Sub-proteomic study on macrophage response to Candida albicans unravels new proteins involved in the host defense against the fungus

Abstract

In previous proteomic studies on the response of murine macrophages against Candida albicans, many differentially expressed proteins involved in processes like inflammation, cytoskeletal rearrangement, stress response and metabolism were identified. In order to look for proteins important for the macrophage response, but in a lower concentration in the cell, 3 sub-cellular extracts were analyzed: cytosol, organelle/membrane and nucleus enriched fractions from RAW 264.7 macrophages exposed or not to C. albicans SC5314 for 3 h. The samples were studied using DIGE technology, and 17 new differentially expressed proteins were identified. This sub-cellular fractionation permitted the identification of 2 mitochondrion proteins, a membrane receptor, Galectin-3, and some ER related proteins, that are not easily detected in total cell extracts. Besides, the study of different fractions allowed us to detect, not only total increase in Galectin-3 protein amount, but its distinct allocation along the interaction. The identified proteins are involved in the pro-inflammatory and oxidative responses, immune response, unfolded protein response and apoptosis. Some of these processes increase the host response and others could be the effect of C. albicans resistance to phagocytosis. Thus, the sub-proteomic approach has been a very useful tool to identify new proteins involved in macrophage–fungus interaction. This article is part of a Special Issue entitled: Translational Proteomics.

Introduction

Candida albicans is an important human opportunistic pathogen that can produce different types of infections ranging from superficial to systemic. Invasive candidiasis is an important cause of disease and mortality in immunosuppressed patients [1], [2], and the therapeutic arsenal is reduced and sometimes toxic [2], [3], [4]. Thus, the study of host response to Candida infections can be a very useful tool to discover new therapeutic strategies. Macrophages are crucial elements of the innate and adaptive immunity to systemic candidiasis [5], [6]. C. albicans is recognized by dedicated pattern recognition receptors (PRRs), including Toll-like receptors (TLRs) and lectins through its Candida-specific pathogen-associated molecular patterns (PAMPs) mainly mannan and β-glucan, present on its cell wall. Mannan and beta-glucan receptors, mannoside-binding lectins (such as Galectin-3), and Toll-like receptors 2, 4 and 6 recognize C. albicans cells and trigger the activation of macrophages (see recent reviews by Jouault et al. [7], Netea et al. [8] and Bourgeois et al. [9]). The recognition of C. albicans by macrophages causes phagocytosis and activation of cellular proinflammatory pathways (production of inflammatory mediators, toxic compounds like reactive oxygen (ROS) and reactive nitrogen (RNS) species). Macrophages also capture and process foreign antigens for their presentation to T cells, enabling host defense and immunological memory [10]. While macrophages display a wide variety of mechanisms to destroy the fungus, C. albicans attempts to survive the action of phagocytes by inhibiting the production of toxic compounds like NO [11], [12] by preventing phagolysosome fusion [13], [14], [15]; or modulating the pH of this compartment [15].

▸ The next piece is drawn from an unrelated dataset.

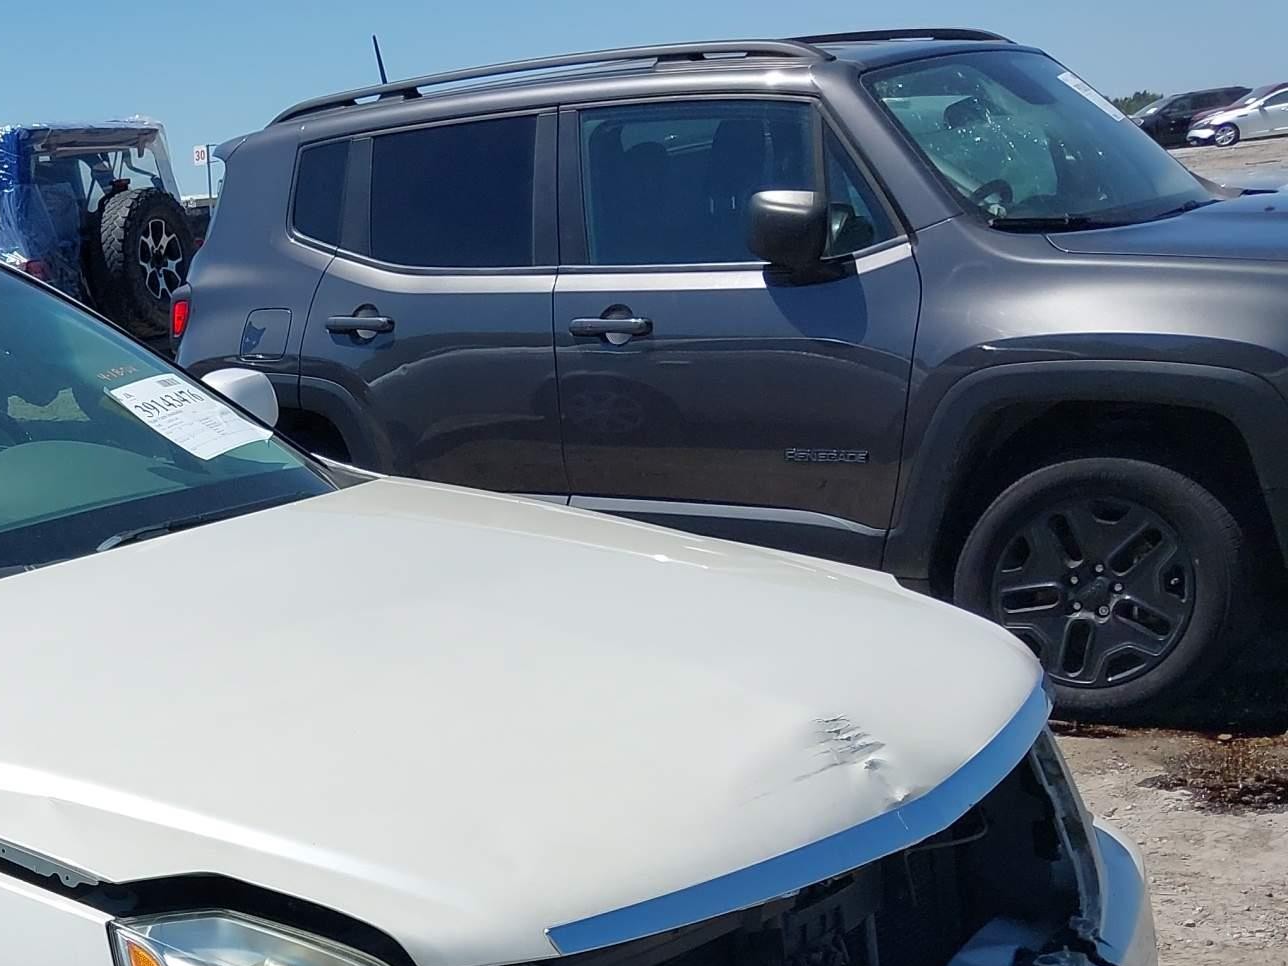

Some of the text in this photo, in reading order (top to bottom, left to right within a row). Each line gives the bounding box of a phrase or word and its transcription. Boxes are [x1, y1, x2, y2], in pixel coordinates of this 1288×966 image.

Macrophage murine cell line RAW 264.7 was used in this study, due to its ability to employ both oxidative and non-oxidative mechanisms to kill the fungus [16]. Macrophages activated by gamma-interferon (IFN-γ), tumor necrosis factor alpha (TNF-α), or lipopolysaccharide (LPS) produce two kinds of reactive products characterized by their cytotoxic activity: reactive oxygen intermediates (ROI) and reactive nitrogen intermediates (RNI).

The introduction of proteomics has enabled the simultaneous analysis of changes in many proteins. Using a proteomic approach, we described the differential protein profile of control and murine macrophages interacting with live and heat-inactivated C. albicans cells and a pro- and anti-inflammatory effect was showed, respectively [17], [18]. 2D-Difference Gel Electrophoresis (2D-DIGE) [19] is a powerful analytical tool within the field of proteomics, allowing not only the relative quantitation of protein spot intensity across carefully matched gels, but also for detecting posttranslational modifications of the protein [20]. Because gel-based techniques have a bias toward abundant proteins, proteins in lower quantity are not often detected in the 2-DE analysis of total cellular proteins due to the complexity of these samples. The use of pre-fractionation methods by subcellular isolation or selective enrichment of a specific group of proteins provides an effective approach to eliminate this drawback. Thus in this work, we have combined cellular fractionation with 2D-DIGE technology to study cytosol, membrane, nucleus and cytoskeletal enriched protein fractions and analyze the differential protein profile of murine macrophages after 3 h of interaction with C. albicans.